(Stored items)
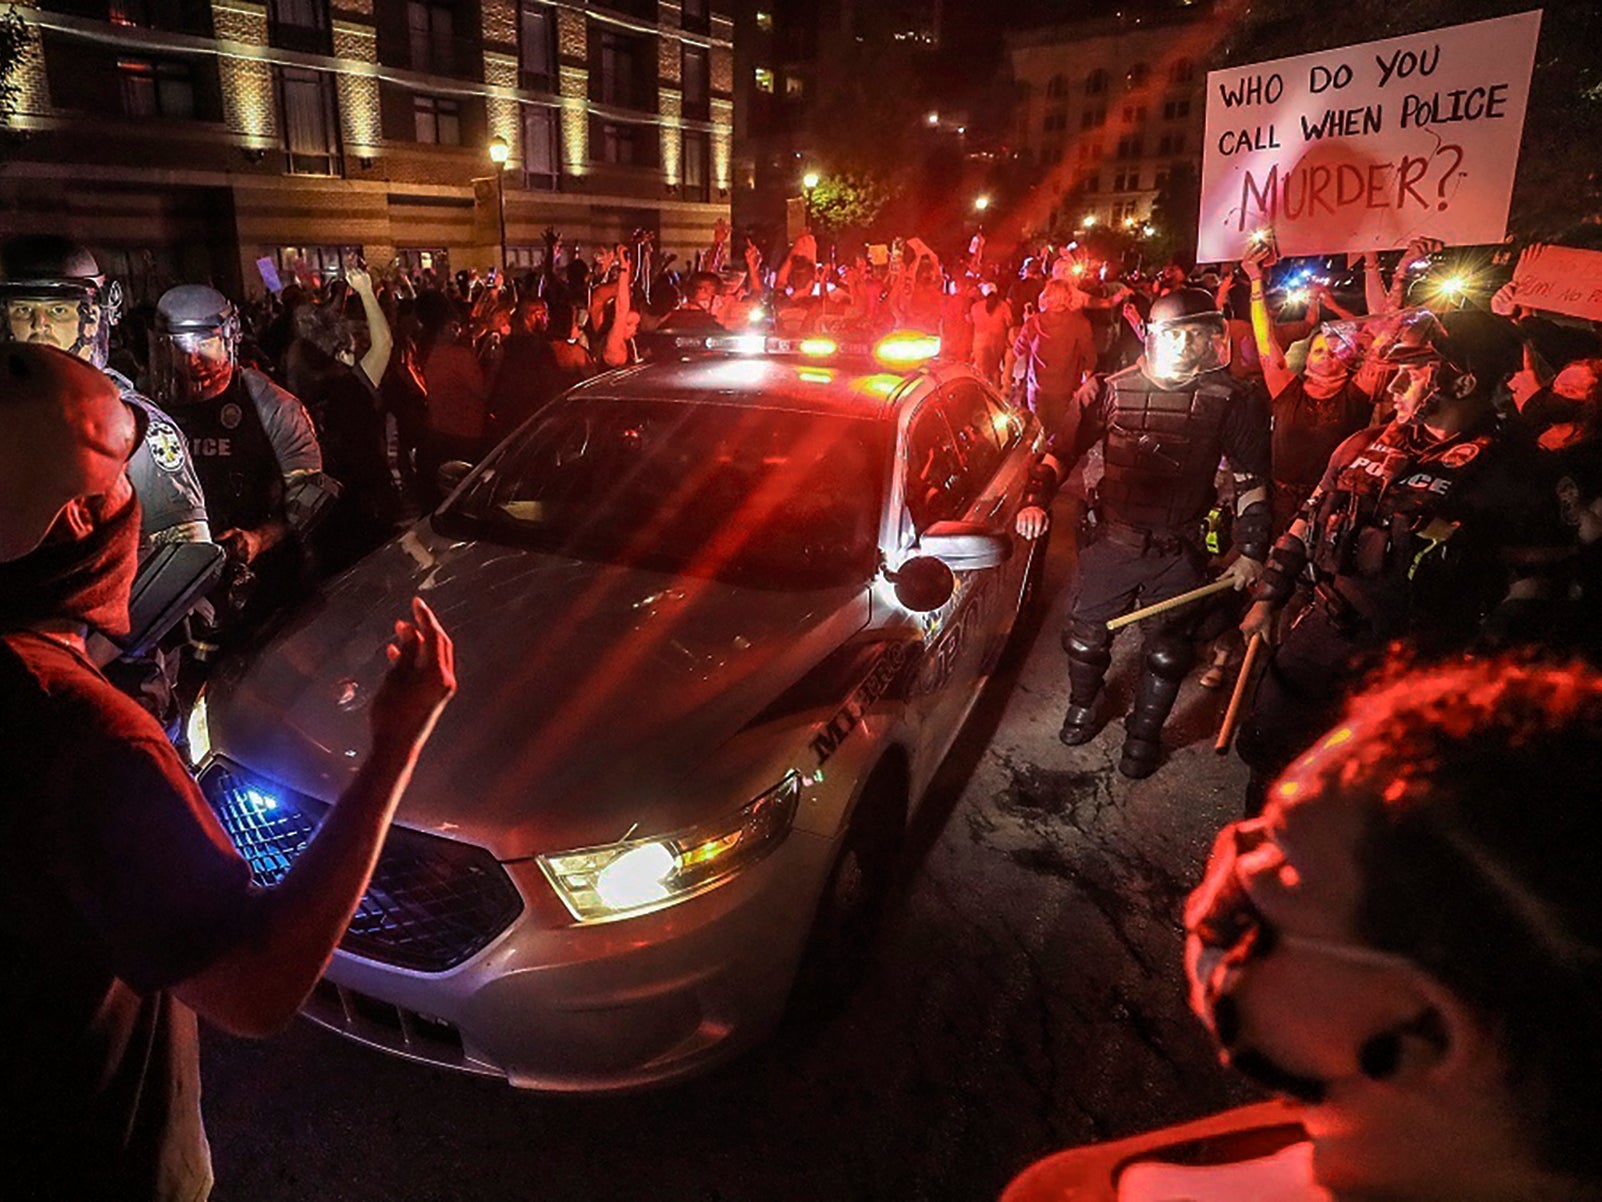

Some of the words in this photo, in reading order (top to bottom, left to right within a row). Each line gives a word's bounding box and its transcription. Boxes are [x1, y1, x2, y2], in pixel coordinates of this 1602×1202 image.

[1219, 73, 1283, 108] WHO
[1310, 64, 1353, 93] DO
[1376, 45, 1439, 87] YOU
[1218, 124, 1281, 156] CALL
[1301, 105, 1382, 141] WHEN
[1401, 84, 1508, 128] POLICE
[1238, 145, 1464, 232] MURDER?
[192, 438, 232, 456] ICE

- _WHAT THE TASK REQUIRES_
Each record above should be copied character for character, with pictures dropped.

- _SOLUTION TO THIS EXERCISE_
Some of the words in this photo, in reading order (top to bottom, left to right within a row). Each line gives a word's bounding box and its transcription. Boxes are [x1, y1, x2, y2], in pixel coordinates of this 1602×1202 image.

[1219, 73, 1283, 108] WHO
[1310, 64, 1353, 93] DO
[1376, 45, 1439, 87] YOU
[1218, 124, 1281, 156] CALL
[1301, 105, 1382, 141] WHEN
[1401, 84, 1508, 128] POLICE
[1238, 145, 1464, 232] MURDER?
[192, 438, 232, 456] ICE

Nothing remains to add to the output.